The top 30 craft suppliers by volume grew by about 10 percent as a group last year, led by Boston Beer and its Samuel Adams line. The public company has never said how much of what it produces is beer and how much is Twisted Tea or Angry Orchard, but all the data BMI has seen points to about 8 percent volume growth for Boston Beer’s beer business last year. The brand sill produces nearly 15 percent of all of craft beer. Both Sierra Nevada and New Belgium grew more slowly in 2013 than 2012 and held about 6 percent and 5 percent of craft respectively.
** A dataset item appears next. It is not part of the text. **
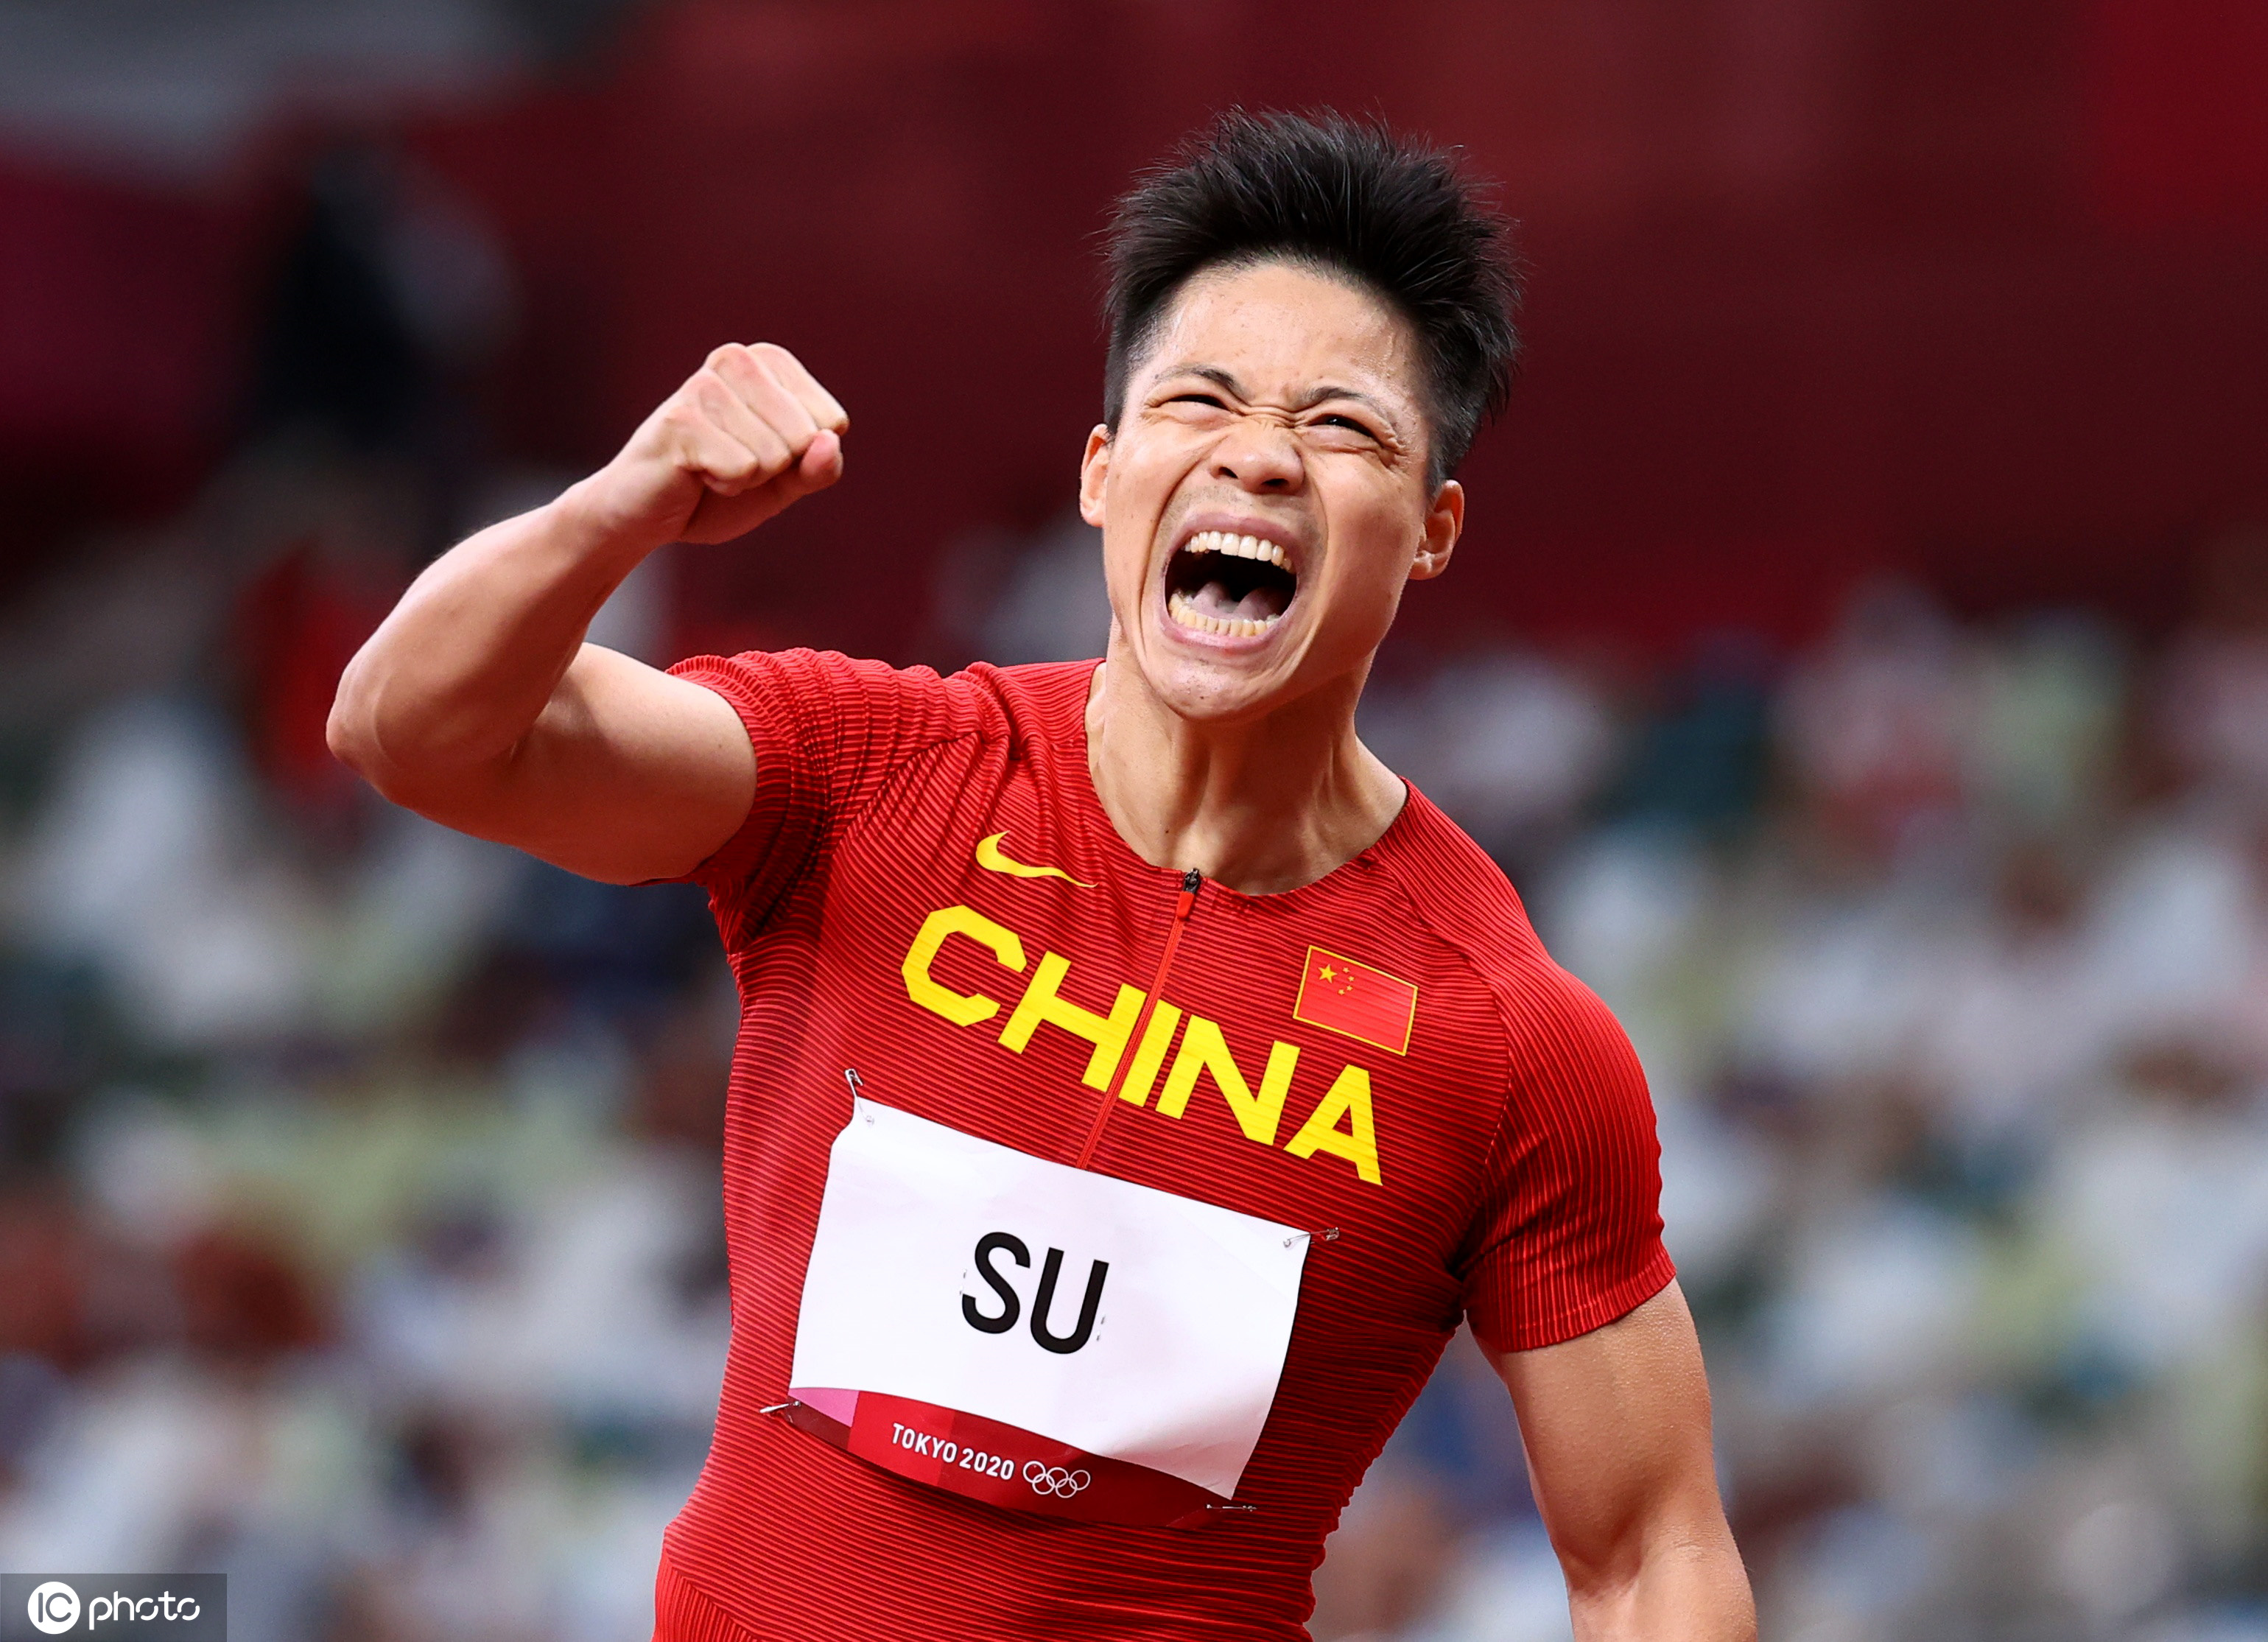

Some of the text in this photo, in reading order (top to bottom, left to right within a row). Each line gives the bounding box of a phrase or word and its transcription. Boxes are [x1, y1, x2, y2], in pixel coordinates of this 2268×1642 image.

[901, 905, 1383, 1186] CHINA
[961, 1232, 1109, 1354] SU
[891, 1422, 1016, 1481] TOKYO 2020
To see a more complete picture of competition in the craft segment, BMI includes Craft Brew Alliance (CBA) and Magic Hat/Pyramid (a pair of craft brands with the same parent company) in the craft category. CBA clocked in at No. 4 with its Widmer, Redhook and Kona brands collectively up about 8 percent. Magic Hat/Pyramid posted one of just two volume declines in the top 30, down almost 12 percent last year. (Rogue was the other decliner, down about 9 percent.) Spoetzl (of which Shiner is by far its largest brand), at No. 5, was also up about 8 percent last year.
Fastest grower in the top 10 was No. 6 Lagunitas, with a plus-70 percent volume increase in 2013 to about 400,000 barrels. The Petaluma, CA, brewer has more than septupled its production since 2008. Two other top-30 breweries have seen exponential volume growth in five years: Oskar Blues (almost five times its 2008 volume) and Founders (over nine times). Deschutes, Bell’s and Brooklyn round out the top 10, each posting at- or above-segment growth last year. Other fast-growers probably sound familiar: Stone, Dogfish Head, Firestone Walker and SweetWater.
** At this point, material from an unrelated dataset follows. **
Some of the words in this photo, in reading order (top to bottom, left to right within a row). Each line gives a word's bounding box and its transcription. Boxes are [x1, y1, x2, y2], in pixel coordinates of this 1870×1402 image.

Just as craft has gained a larger share of the beer market, smaller brewers have gained a larger share of craft. In fact, the 10 largest craft beer companies in 2013 collectively lost about 10 share-points to smaller breweries since 2008. Similarly, last year’s top 30 were over 71 percent of craft volume in 2008, but that was down to just over 62 percent in 2013. Share keeps shifting. Change keeps coming, including to the significance of volume: Many beer companies are becoming much better at making more money from selling less beer. So even as overall U.S. beer volume declines, an influx of flavor-focused insurgents continues to inject the beer industry with excitement, competition and innovative thinking, likely to encourage more shifts and adjustments, more change.